Thus: every Pratt People name can be extracted by its foaf:name object.


In [6]:
# list pratt artists by foaf:name:

# 1 read the prat linked-jazz .trig file as plain text
# 2 read people triplets line-by-line, skip first and stop at '}'
# populate pratt_people names by cleaning each line string after foaf:name prefix

with open(LINKED_JAZZ_PATH,"r") as f:
    pratt_file = f.readlines()

flag = 0
#pratt_people = []
pratt_iris = []
pratt_people = {}
count=0
for i, line in enumerate(pratt_file):
    if line == '}': break #end of people
    if '<http://xmlns.com/foaf/0.1/name>' in line:
        line = line.split('<http://xmlns.com/foaf/0.1/name>')

        iri = line[0].strip()
        person = line[-1].split('"')[1]

        if not pratt_people.get(iri):
            pratt_people[iri] = person
            count +=1
        else:
            #pratt_people[iri] += [person]
            count +=1
            print('duplicate name:', iri, pratt_people[iri])
        #pratt_people.append(person)
        #pratt_iris.append(iri)
        #flag +=1
        #if flag >=5: break

print(f"\nPratt has {len(pratt_people)} people entries with {count} name aliases")

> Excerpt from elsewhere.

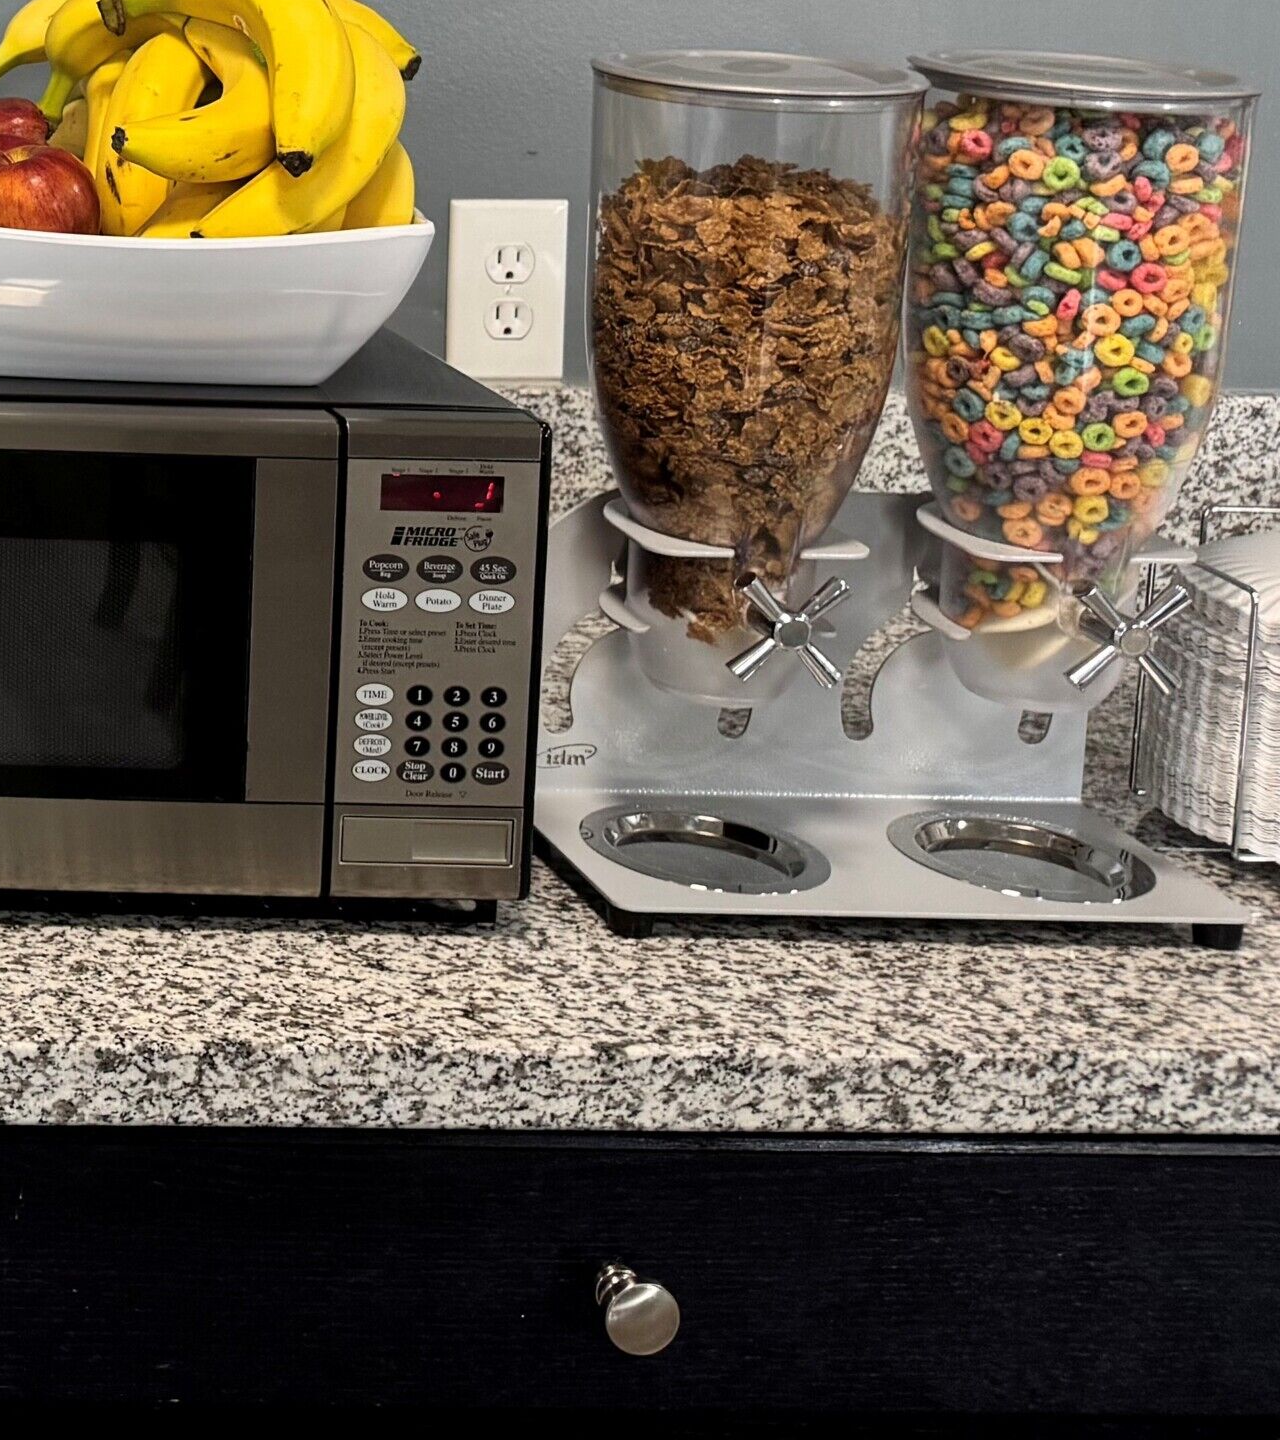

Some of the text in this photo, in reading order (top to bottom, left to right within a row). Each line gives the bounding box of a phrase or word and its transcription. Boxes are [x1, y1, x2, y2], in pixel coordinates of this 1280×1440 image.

duplicate name: <http://dbpedia.org/resource/Fantasy_Records> Max Weiss
duplicate name: <http://dbpedia.org/resource/Martin_Luther_King,_Jr.> Martin Luther King Jr
duplicate name: <http://id.loc.gov/authorities/names/no98012278> Argonne Thornton

Pratt has 2005 people entries with 2008 name aliases


In [7]:
# data_map.csv stores each recording .json file name
df = pd.read_csv(DATA_MAP_PATH)
df.head(2)


Unnamed: 0,artist,track_name,jaah/chord_annotation,genius/lyrics,genius/lyrics_annotation,musicbrainz/work_meta,musicbrainz/recording_meta,musicbrainz/release_meta,musicbrainz/artist_meta,secondhandsong/artist_meta,sonar_id
0,Thelonious Monk,Evidence,evidence.jams,NF,NF,work_f1875b4c-ac07-3614-9bd2-4259e1865f07.json,recording_b438e7a3-91b9-4e43-9551-03b07036f3f3...,release_e65a3c02-84c4-41b8-802f-71b5d42ac92a.json,artist_b438e7a3-91b9-4e43-9551-03b07036f3f3.json,shs_2288.json,jaah_76
1,Charlie Parker All-Stars,Parker's Mood,parkers_mood.jams,NF,NF,work_93618e9e-4bf8-3cd9-8b72-258750d4222c.json,recording_c50ea630-b5f0-4c12-8e75-0321757d69a3...,release_a90eeed6-dc07-4173-938c-49e63142f299.json,artist_c50ea630-b5f0-4c12-8e75-0321757d69a3.json,NF,jaah_78


In [8]:
len(pratt_people.values()), list(pratt_people.values())[:5]

(2005,
 ['Aaron Copland',
  'Abbey Lincoln',
  'Abdullah Ibrahim',
  'Adele Girard',
  'Agatha Christie'])

In [12]:
# check if aartist column matches with pratt people
count_matches = 0
for artist in df['artist']:
    if artist in pratt_people.values(): count_matches +=1
print(count_matches)

assert 'Charlie Parker' in pratt_people.values()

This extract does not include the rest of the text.